Invitations to Australian Commonwealth Celebrations, Francis Cotton, 1901, MLMSS 2509X, Mitchell Library, State Library of New South Wales

Before 1900, there was no actual country called Australia, only the six colonies – New South Wales, Tasmania, South Australia, Victoria, Queensland, and Western Australia. While these colonies were on the same continent, they were governed like six rival countries and there was little communication between them. Until the 1880s, there was limited interest in the idea of uniting the colonies into one country and the influential businessmen in the colonies seemed more interested in protecting their own economic bases.

Things began to change in the 1890s as a severe drought resulted in violent industrial strikes. By 1888, 70% of the population had been born here and there was a growing nationalist sentiment. Communication had improved with the colonies linked to each other and the world by overland and submarine telegraph. Germany, France and Russia were expanding in the Pacific and the colonies could better defend themselves with a single army and navy.
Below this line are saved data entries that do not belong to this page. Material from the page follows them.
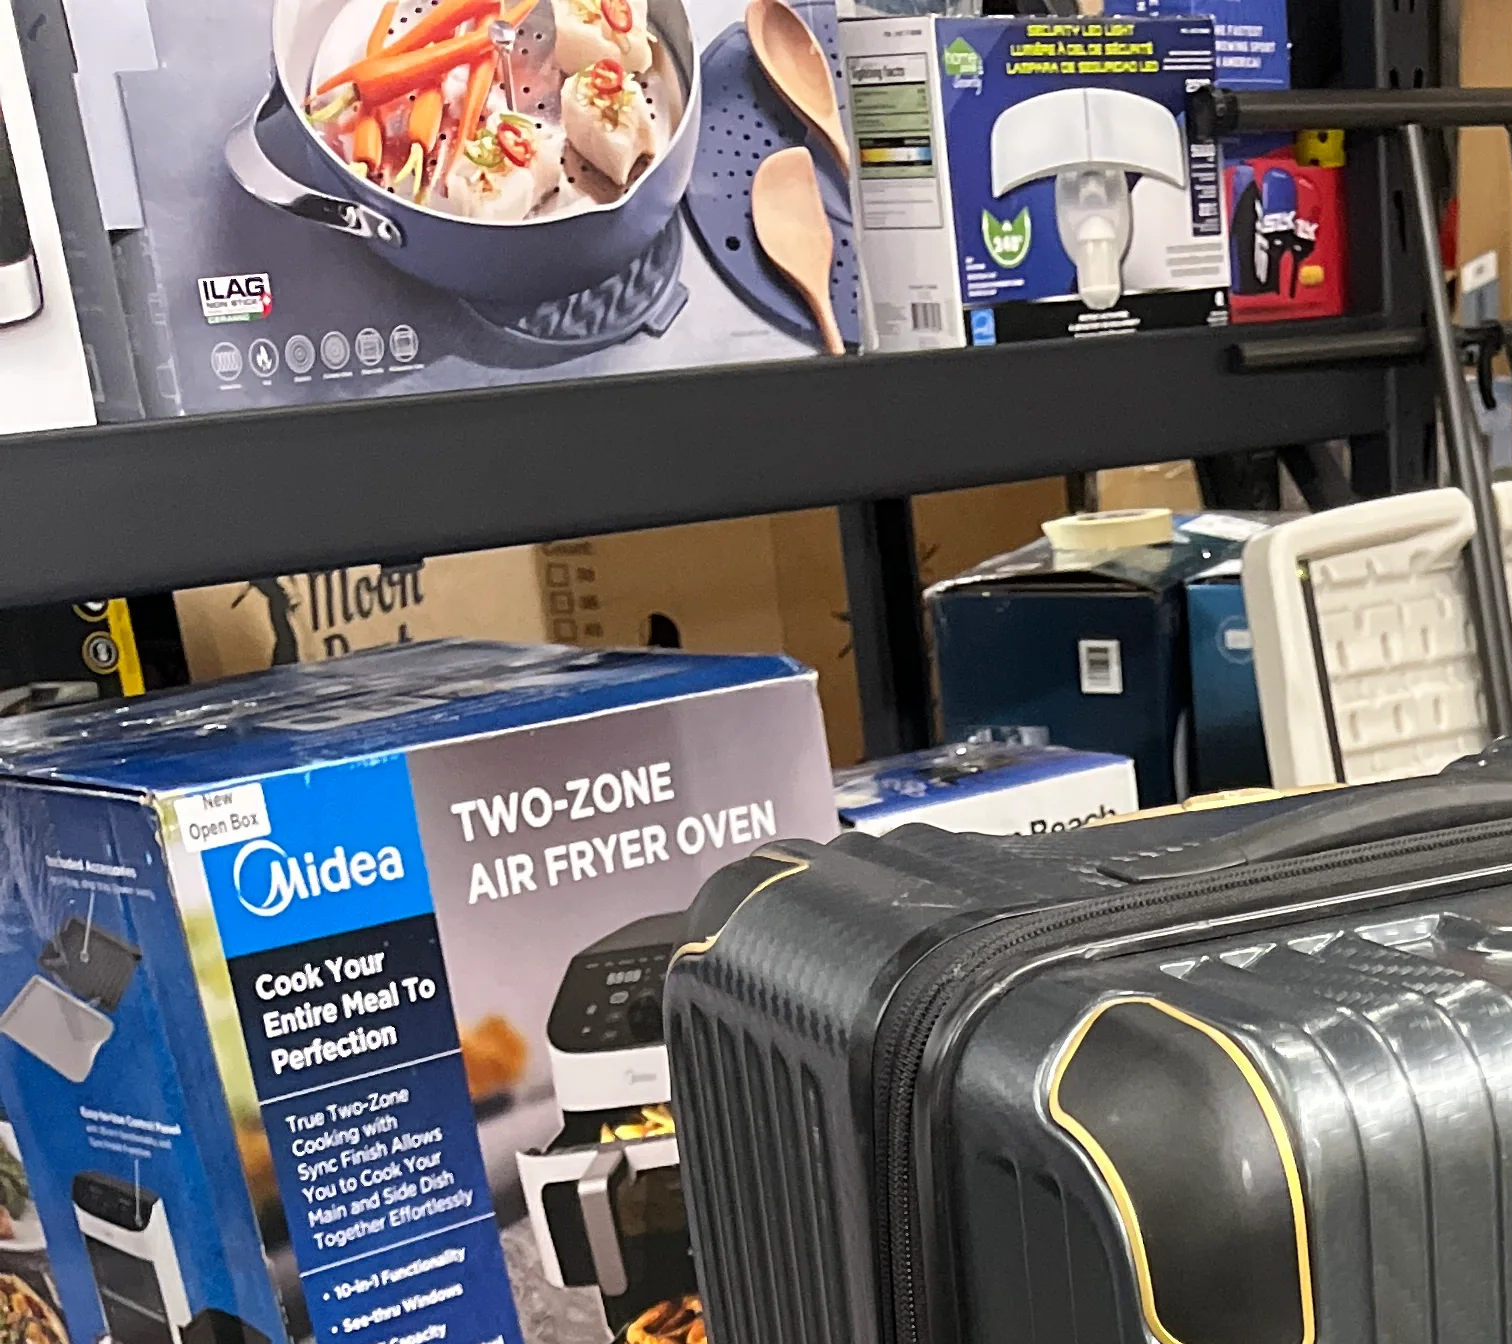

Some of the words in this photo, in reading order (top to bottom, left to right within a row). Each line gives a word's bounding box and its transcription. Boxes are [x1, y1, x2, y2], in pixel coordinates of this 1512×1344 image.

[202, 276, 265, 301] ILAG
[189, 820, 228, 842] Open
[230, 812, 260, 831] Box
[202, 792, 233, 810] New
[451, 762, 675, 842] TWO-ZONE
[233, 839, 405, 917] Midea
[469, 853, 537, 905] AIR
[545, 825, 669, 887] FRYER
[677, 800, 777, 855] OVEN
[255, 963, 324, 1001] Cook
[325, 952, 385, 984] Your
[263, 1003, 338, 1039] Entire
[342, 982, 400, 1018] Meal
[402, 976, 436, 1003] To
[271, 1024, 398, 1075] Perfection
[286, 1112, 325, 1134] True
[326, 1088, 410, 1123] Two-Zone
[292, 1126, 360, 1158] Cooking
[361, 1114, 399, 1139] with
[298, 1157, 338, 1182] Sync
[341, 1142, 389, 1168] Finish
[391, 1127, 443, 1153] Allows
[302, 1183, 337, 1205] You
[338, 1175, 358, 1193] to
[360, 1162, 403, 1188] Cook
[404, 1151, 442, 1175] Your
[308, 1205, 348, 1228] Main
[350, 1192, 381, 1217] and
[382, 1178, 418, 1206] Side
[420, 1169, 455, 1194] Dish
[313, 1215, 387, 1250] Together
[388, 1188, 474, 1228] Effortlessly
[333, 1273, 380, 1301] 10-in-1
[380, 1247, 466, 1286] Functionality
[401, 1282, 465, 1313] Windows
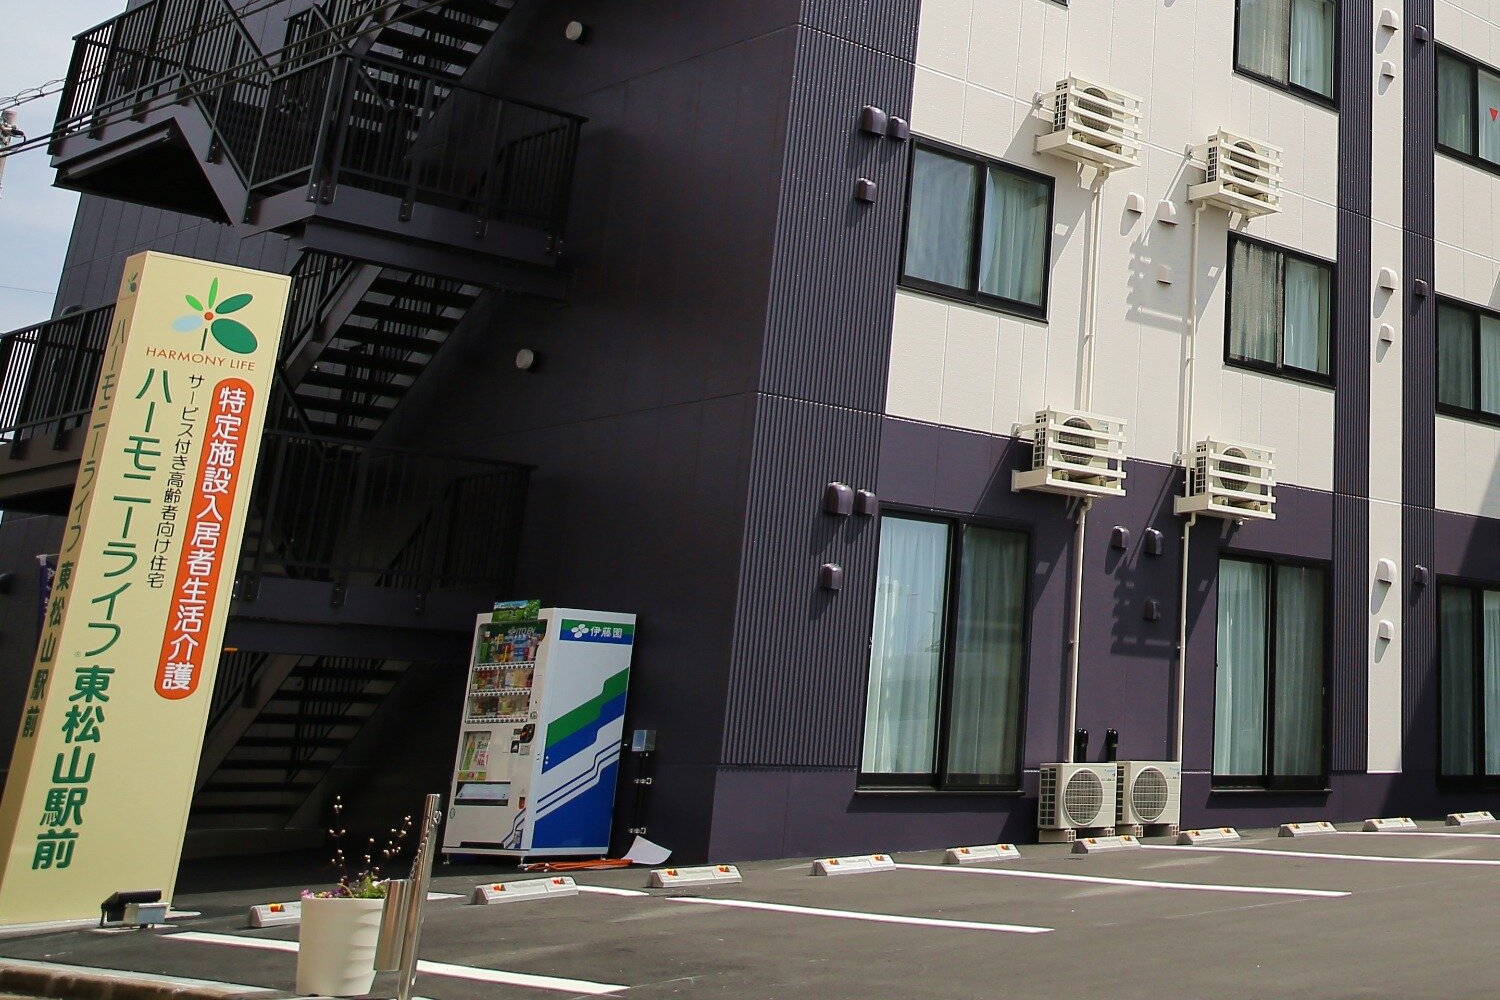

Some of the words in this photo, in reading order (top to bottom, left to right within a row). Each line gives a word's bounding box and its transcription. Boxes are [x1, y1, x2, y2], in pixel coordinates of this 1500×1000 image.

Thousands of Chinese migrants came to Australia during the gold rush. People wanted to restrict the economic competition of migrants from Asia. The best way to do this was for all the colonies to act together and work out a common immigration policy.

Uniting the six colonies was not easy, with many fights and walkouts in negotiations along the way. After a series of conferences and meetings, a draft Australian Federal Constitution was drawn up. A series of referendums was put to the people until finally, in 1900; there was a majority agreement for Federation. The Commonwealth of Australia was proclaimed on 1 January 1901 at a grand ceremony in Sydney’s Centennial Park. People were proud to be Australians and thought their country was the land of opportunity. Australia was part of the British Empire and in 1907 Australia, Canada, South Africa and New Zealand became known as dominions. However, while Australians elected a parliament that made Australian laws, Britain – the ‘mother country’ – kept a firm control over defence and foreign policy. Australia did not have its own navy and could not make treaties with other nations.
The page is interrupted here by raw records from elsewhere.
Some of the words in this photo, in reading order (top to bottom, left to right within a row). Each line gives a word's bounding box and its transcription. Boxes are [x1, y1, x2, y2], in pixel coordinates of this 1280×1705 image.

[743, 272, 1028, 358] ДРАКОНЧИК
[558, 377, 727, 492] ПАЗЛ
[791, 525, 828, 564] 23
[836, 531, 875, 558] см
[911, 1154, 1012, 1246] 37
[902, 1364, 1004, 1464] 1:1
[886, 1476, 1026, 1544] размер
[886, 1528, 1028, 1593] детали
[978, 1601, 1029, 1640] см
Invitations to Australian Commonwealth Celebrations, Francis Cotton, 1901, MLMSS 2509X, Mitchell Library, State Library of New South Wales

But Australia was getting its own ideas. It was especially concerned that Britain did not have strong military bases in the Pacific and that Britain had signed a treaty with Japan which Australia feared. As a result, Australia began to build up its own navy in 1909.

In 1901, 98% of the population was white and Australia wanted to remain a country of white people living by British customs. Trade unions were keen to prevent labour competition from migrants who they feared would undercut wages. Consequently, one of the first pieces of legislation passed in the new Federal Parliament was the Immigration Restriction Act. Now known as the infamous White Australia Policy it made it virtually impossible for Asians and Pacific Islanders to migrate to Australia. This Act stated that if a person wanted to migrate to Australia they had to be given a dictation test which could be in any European language. So a person from China or Japan who wanted to live in Australia could be tested in one or all of the French, Italian or English languages. In 1905, the Act was changed so it could be given in any language at all. Of course, most Asians failed the test or were only allowed to enter the country under very strict exclusion rules or if they were fortunate enough to have well-connected sponsors.